%%
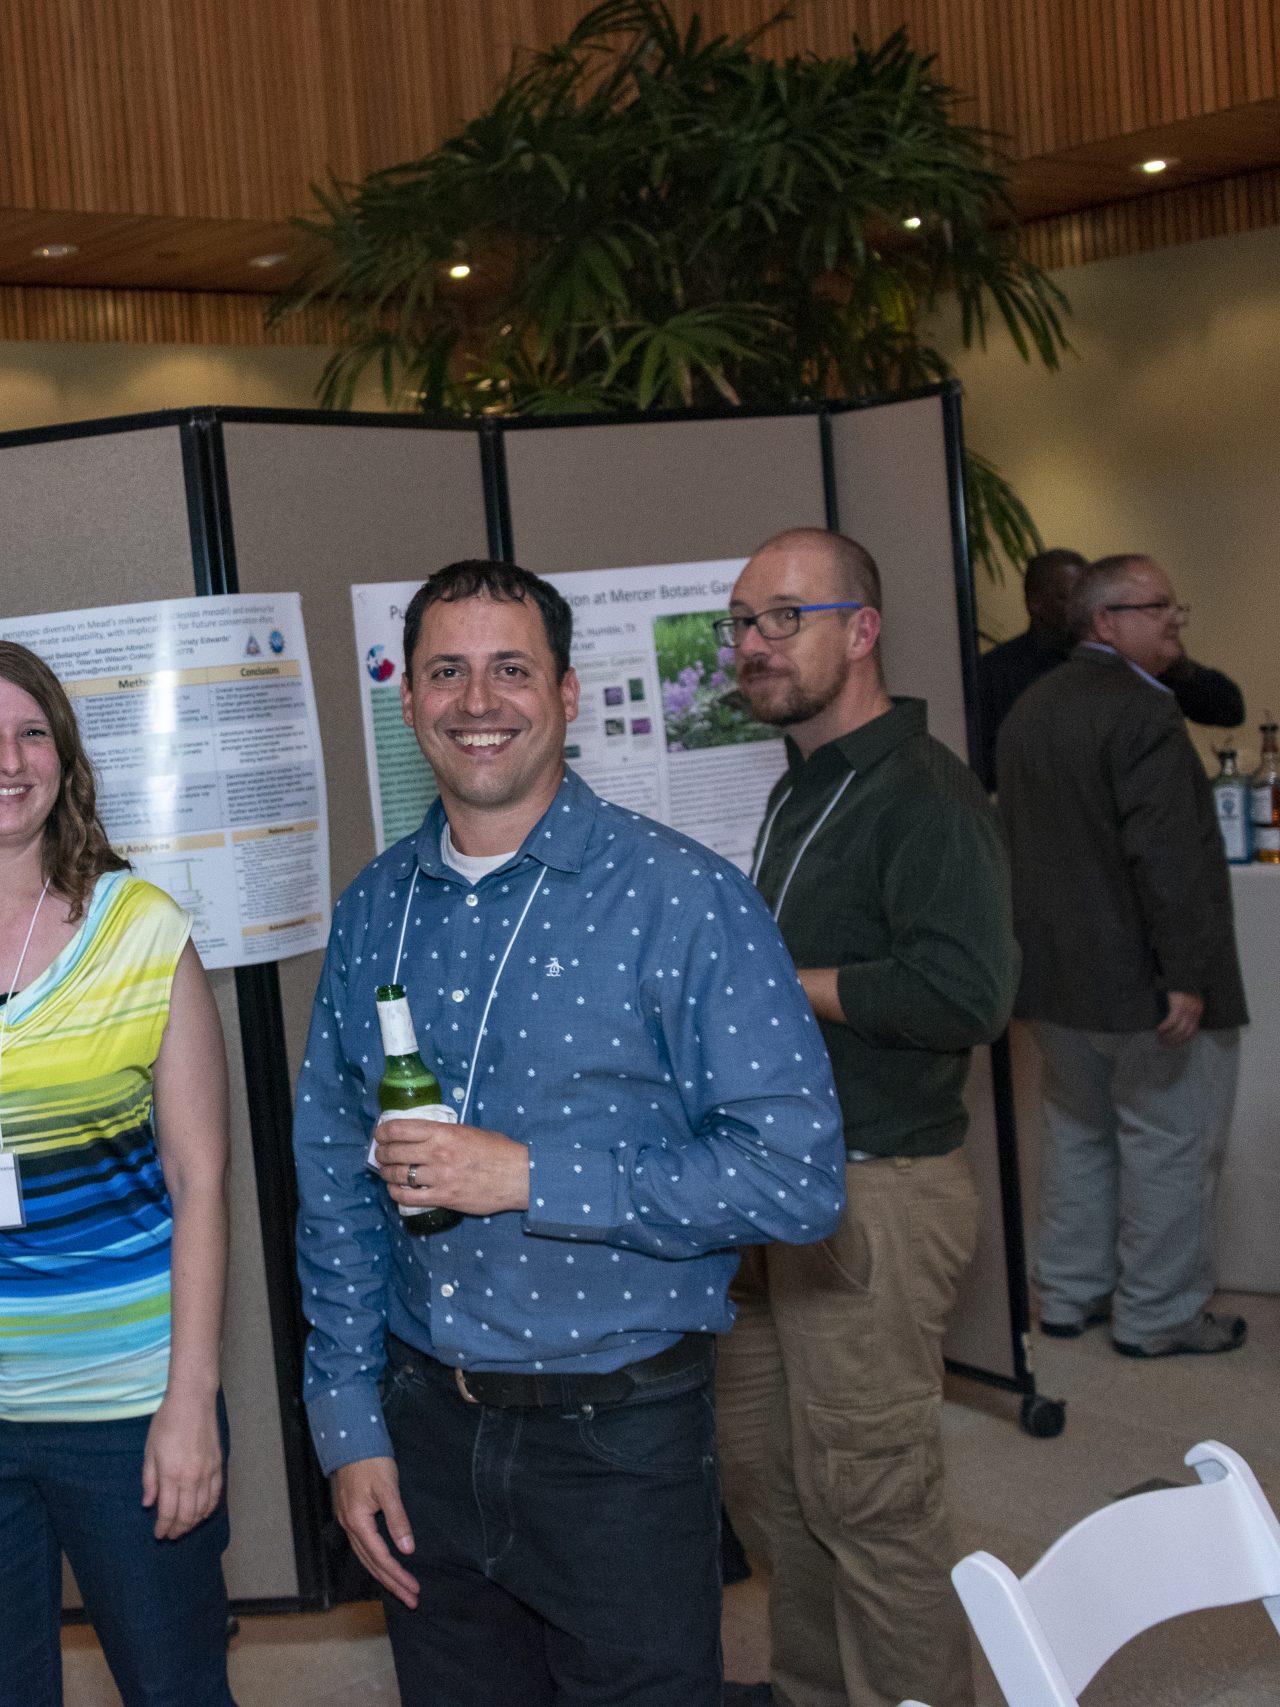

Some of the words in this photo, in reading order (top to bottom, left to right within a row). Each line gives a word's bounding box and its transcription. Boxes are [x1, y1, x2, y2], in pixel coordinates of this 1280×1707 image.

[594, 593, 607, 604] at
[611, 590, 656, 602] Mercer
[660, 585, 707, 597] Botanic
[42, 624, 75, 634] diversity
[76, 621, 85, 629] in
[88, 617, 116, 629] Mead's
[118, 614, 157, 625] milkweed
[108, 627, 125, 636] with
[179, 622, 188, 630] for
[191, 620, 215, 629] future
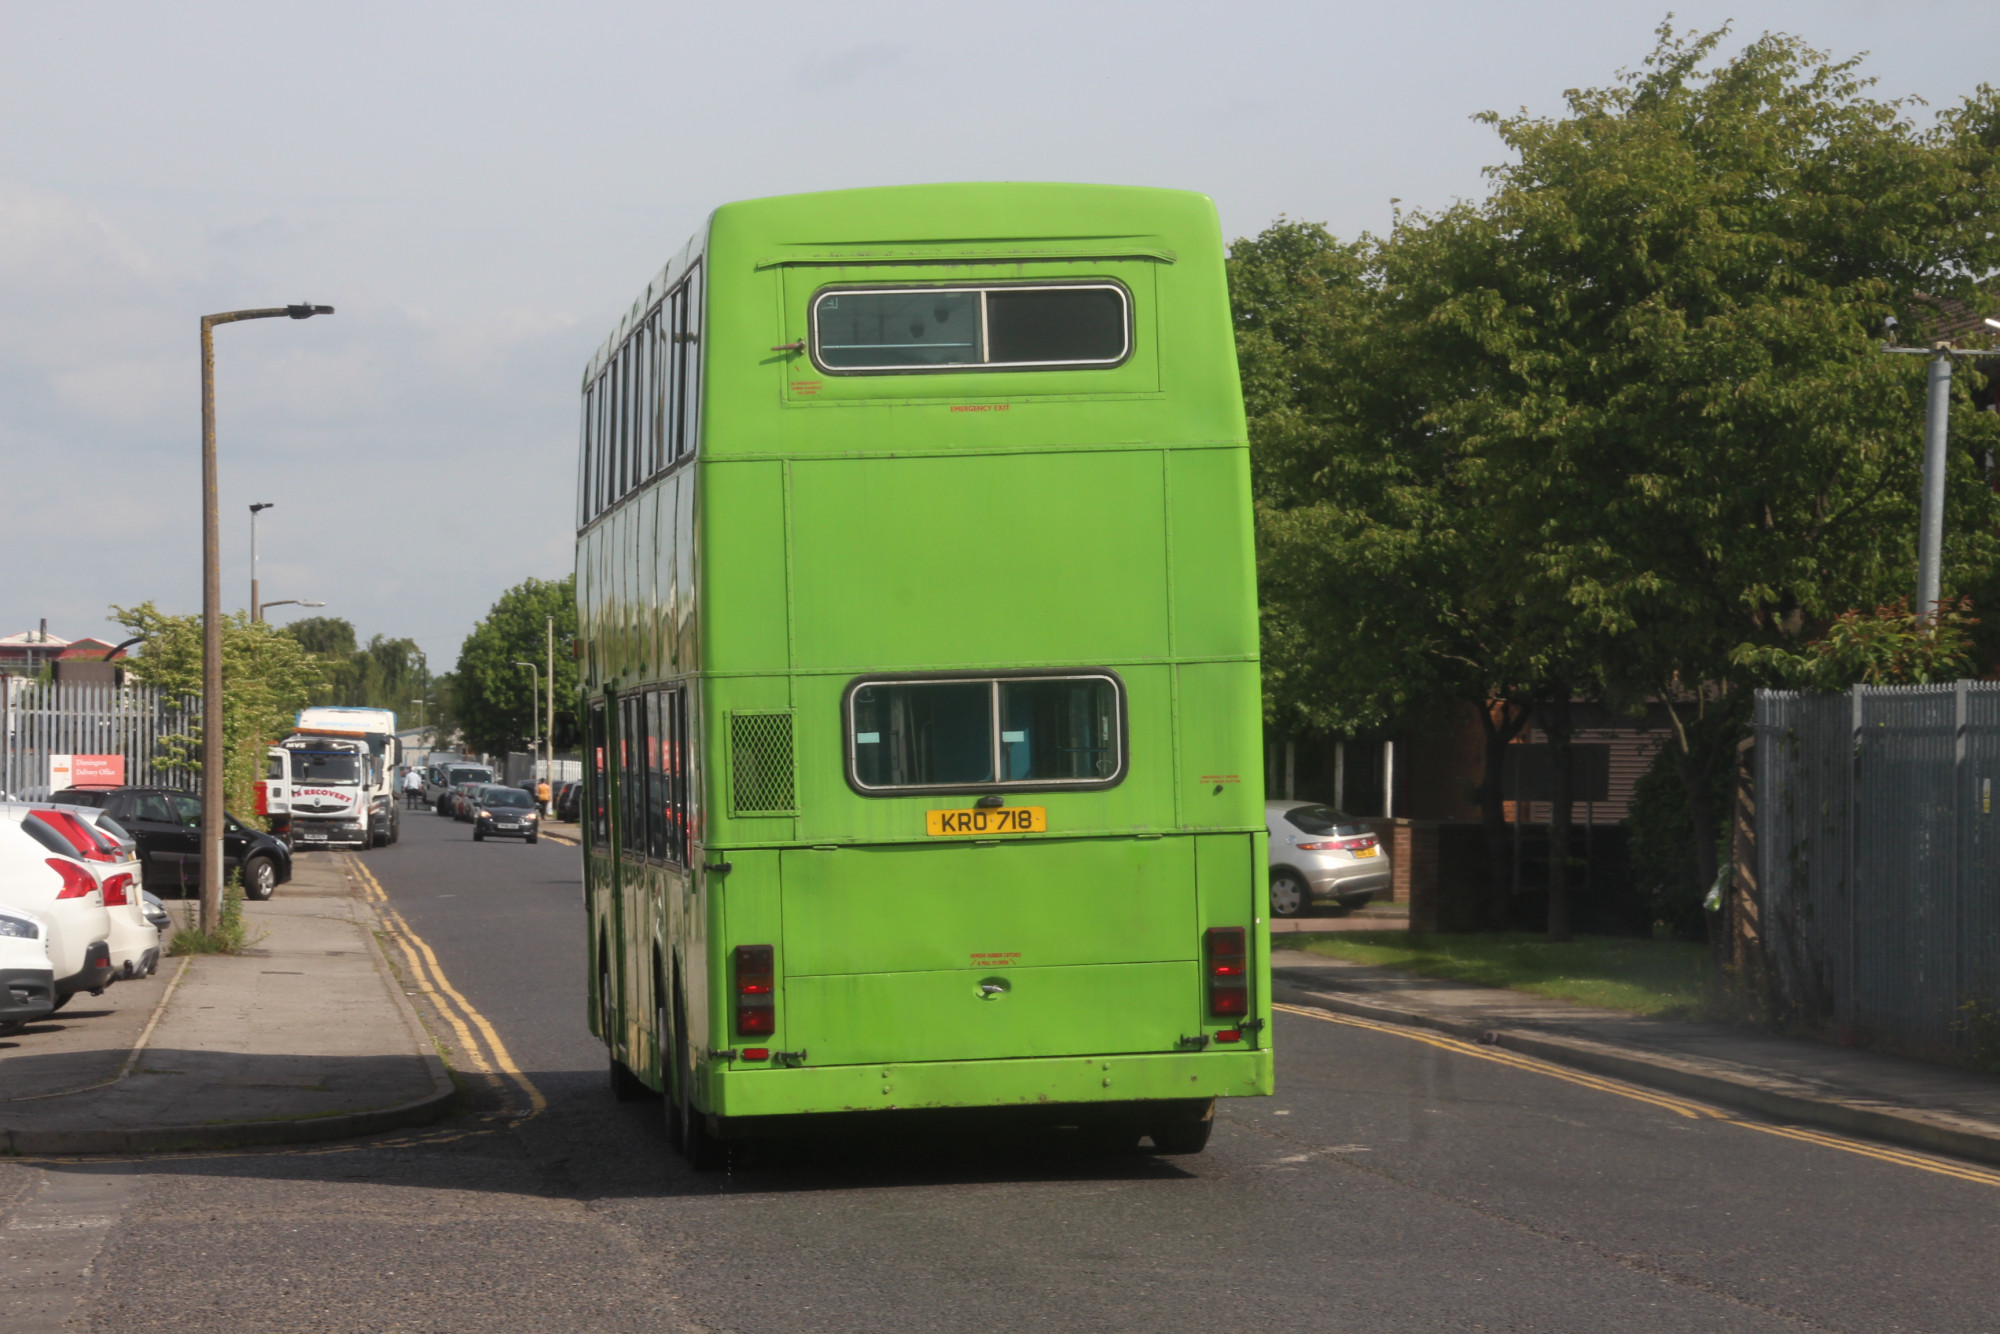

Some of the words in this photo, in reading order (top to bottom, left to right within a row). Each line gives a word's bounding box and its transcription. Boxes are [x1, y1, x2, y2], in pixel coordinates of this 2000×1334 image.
%%
If the records include pictures, omit them and transcribe everything else exactly.

Some of the words in this photo, in reading order (top to bottom, left to right within a row). Each line gives a word's bounding box and its transcription. Boxes are [x1, y1, x2, y2], in pixel coordinates of this 1280×1707 image.

[594, 593, 607, 604] at
[611, 590, 656, 602] Mercer
[660, 585, 707, 597] Botanic
[42, 624, 75, 634] diversity
[76, 621, 85, 629] in
[88, 617, 116, 629] Mead's
[118, 614, 157, 625] milkweed
[108, 627, 125, 636] with
[179, 622, 188, 630] for
[191, 620, 215, 629] future

Some of the words in this photo, in reading order (top to bottom, left to right within a row). Each line gives a word's bounding box and its transcription. Boxes are [x1, y1, x2, y2], in pixel coordinates of this 2000×1334 image.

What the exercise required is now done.